Work required:
Copy all records verbatim, images excluded.

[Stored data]
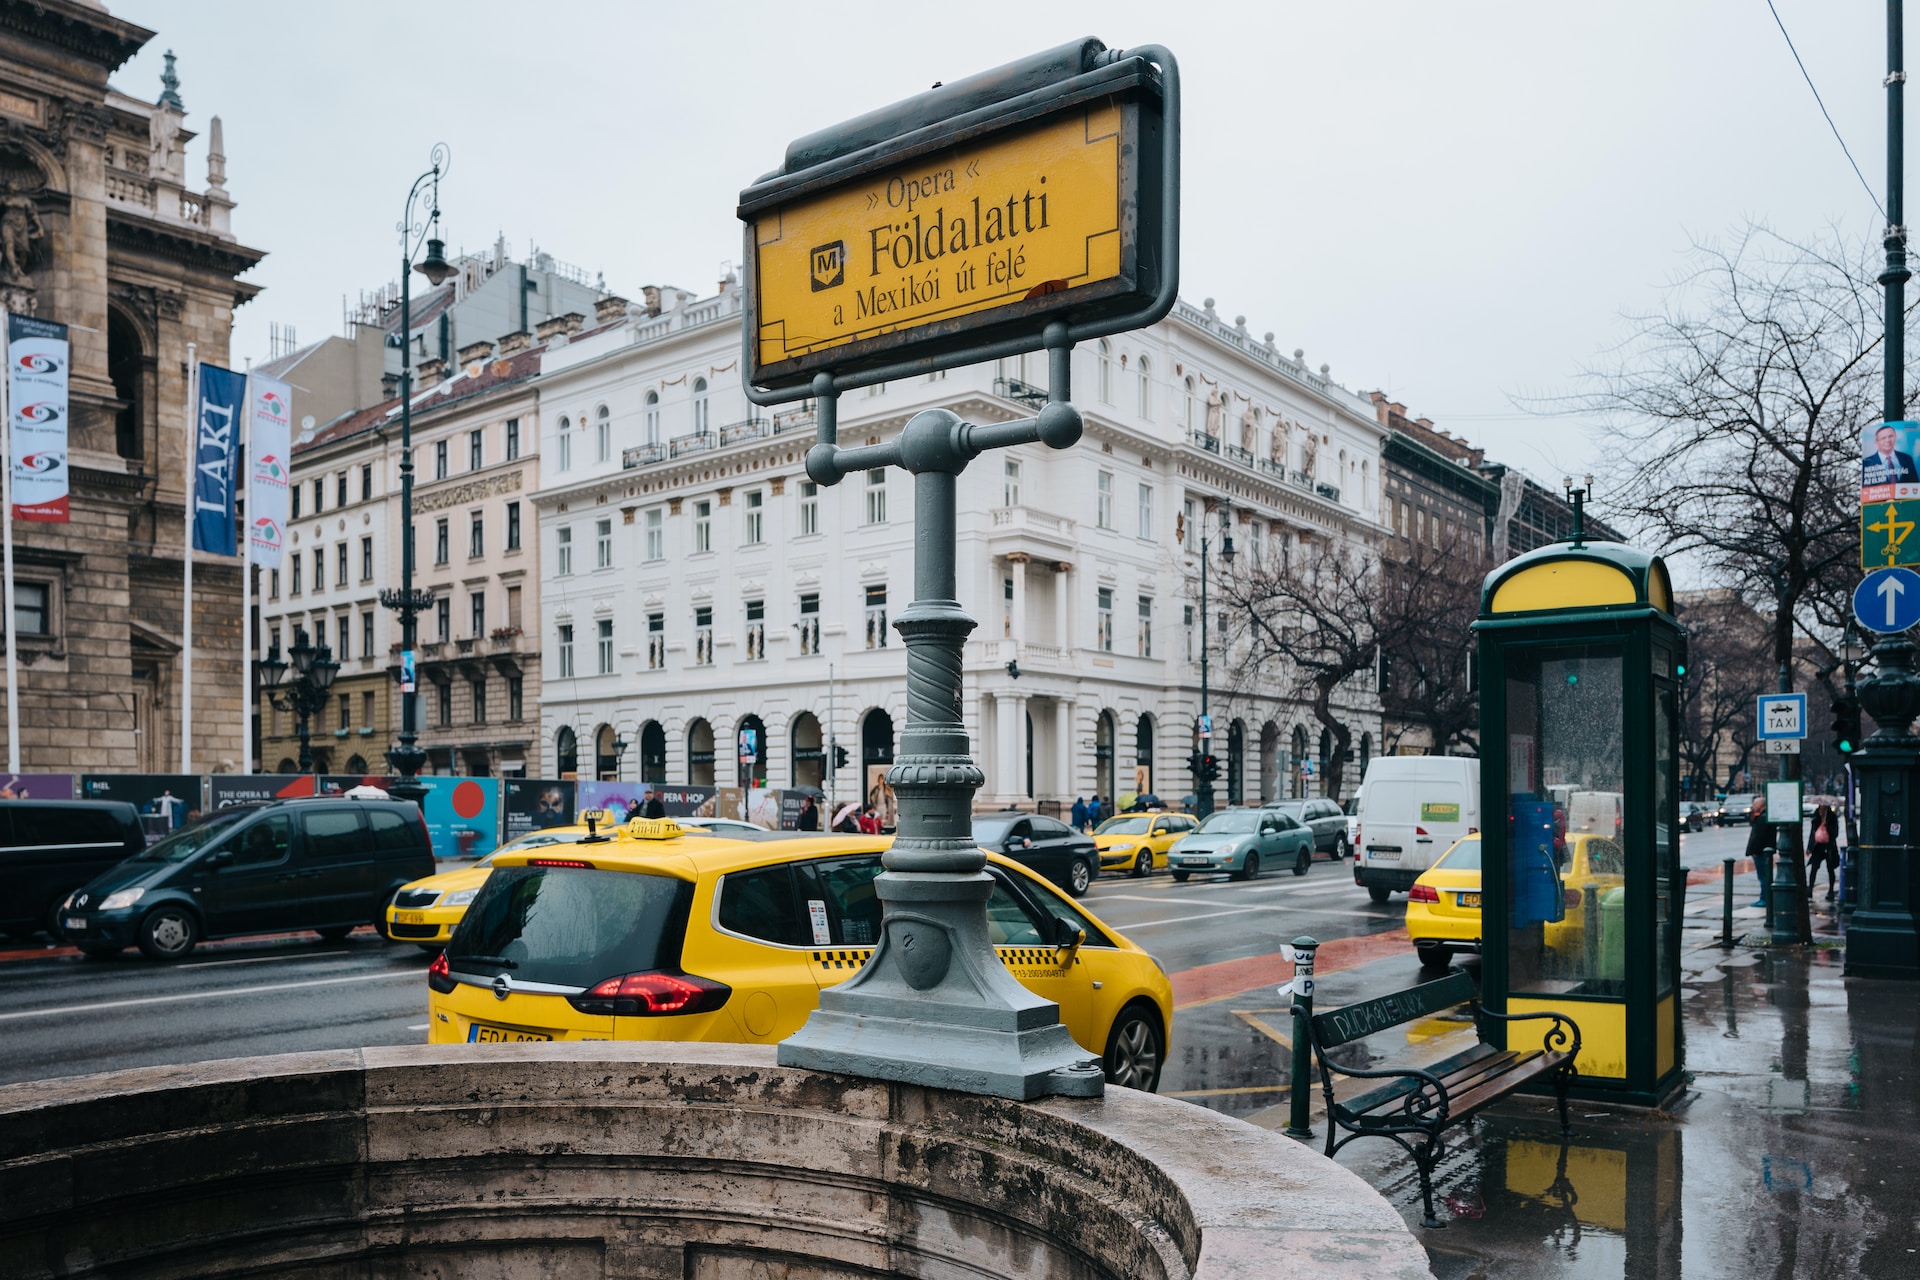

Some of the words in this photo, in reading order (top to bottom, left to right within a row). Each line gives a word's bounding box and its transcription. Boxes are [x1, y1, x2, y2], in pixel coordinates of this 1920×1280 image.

[886, 167, 956, 213] Opera
[869, 176, 1050, 277] Földalatti
[818, 251, 837, 273] M
[833, 303, 843, 326] a
[856, 268, 940, 321] Mexikói
[956, 260, 976, 294] út
[986, 245, 1027, 288] felé
[196, 396, 234, 518] LAKI
[1768, 717, 1797, 729] TAXI
[218, 790, 236, 798] THE
[236, 790, 260, 798] OPERA
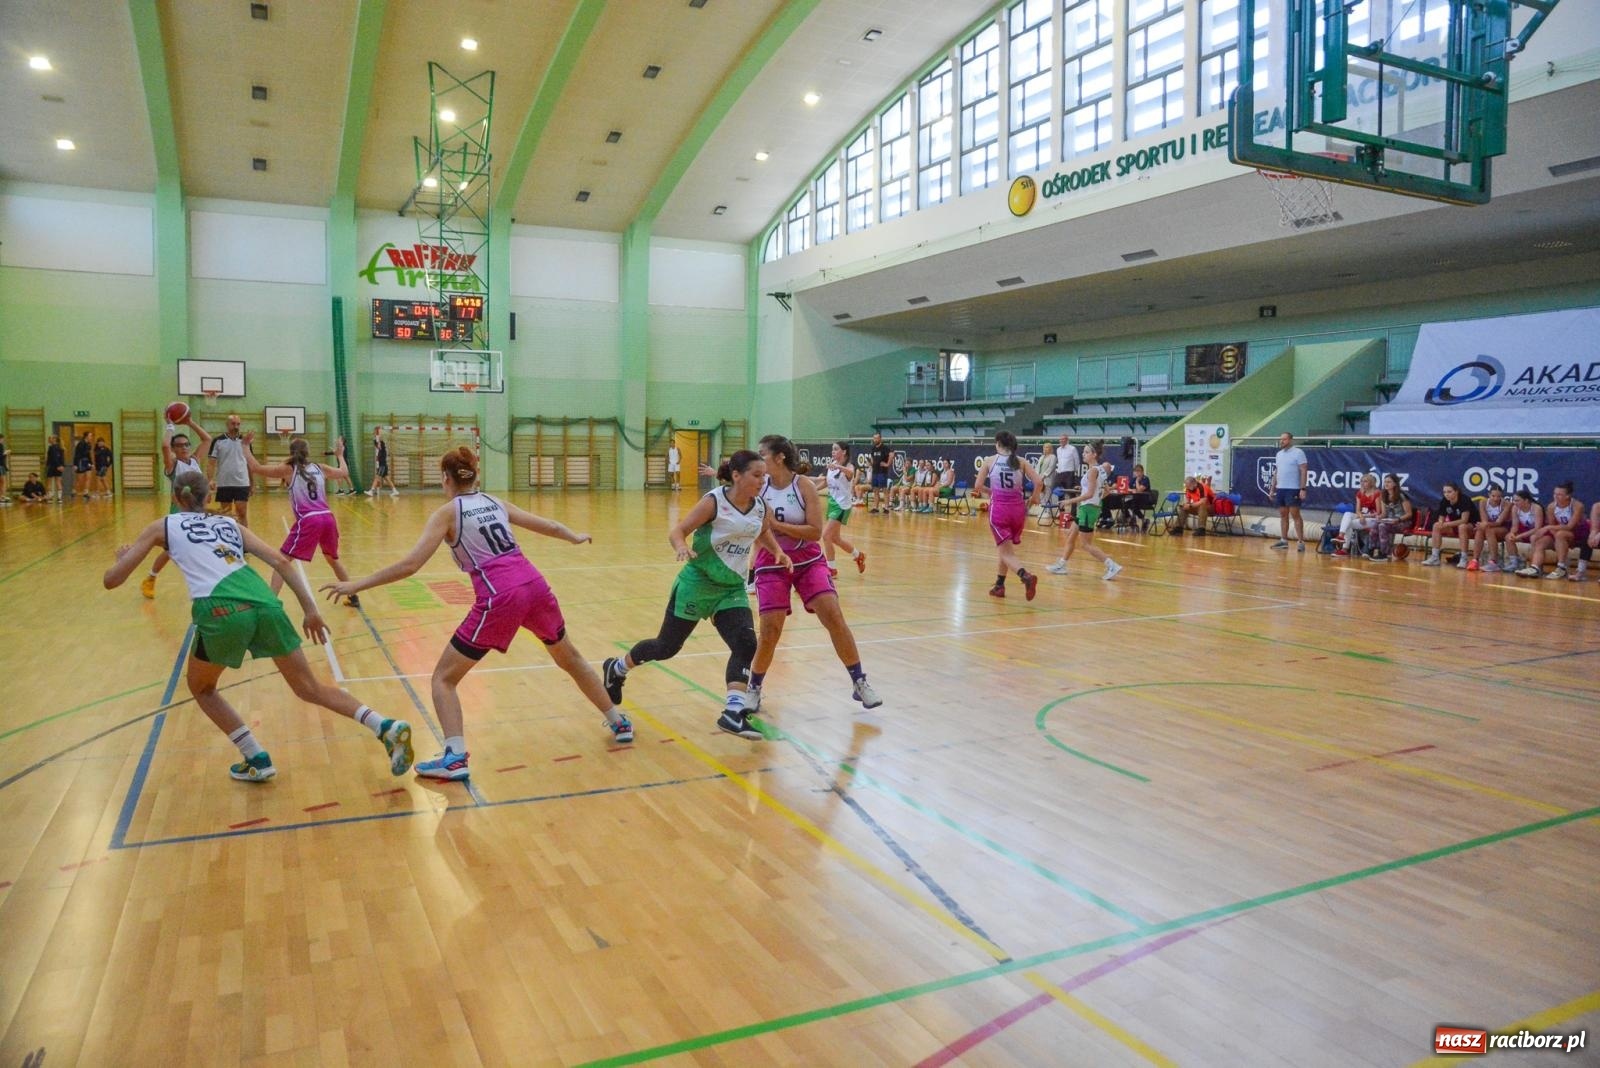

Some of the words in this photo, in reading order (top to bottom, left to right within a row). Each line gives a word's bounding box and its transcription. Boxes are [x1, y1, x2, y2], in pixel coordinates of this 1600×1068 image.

[1042, 160, 1112, 199] OŚRODEK
[1116, 136, 1185, 177] SPORTU
[1504, 386, 1552, 396] NAUK
[999, 471, 1014, 489] 15
[1119, 477, 1127, 490] 5
[307, 480, 318, 501] 8
[774, 506, 785, 522] 6
[479, 522, 516, 556] 10

Solution:
Some of the words in this photo, in reading order (top to bottom, left to right within a row). Each line gives a word's bounding box and its transcription. Boxes are [x1, y1, x2, y2], in pixel coordinates of this 1920×1280 image.

[886, 167, 956, 213] Opera
[869, 176, 1050, 277] Földalatti
[818, 251, 837, 273] M
[833, 303, 843, 326] a
[856, 268, 940, 321] Mexikói
[956, 260, 976, 294] út
[986, 245, 1027, 288] felé
[196, 396, 234, 518] LAKI
[1768, 717, 1797, 729] TAXI
[218, 790, 236, 798] THE
[236, 790, 260, 798] OPERA

Some of the words in this photo, in reading order (top to bottom, left to right within a row). Each line gives a word's bounding box and its transcription. Boxes are [x1, y1, x2, y2], in pixel coordinates of this 1600×1068 image.

[1042, 160, 1112, 199] OŚRODEK
[1116, 136, 1185, 177] SPORTU
[1504, 386, 1552, 396] NAUK
[999, 471, 1014, 489] 15
[1119, 477, 1127, 490] 5
[307, 480, 318, 501] 8
[774, 506, 785, 522] 6
[479, 522, 516, 556] 10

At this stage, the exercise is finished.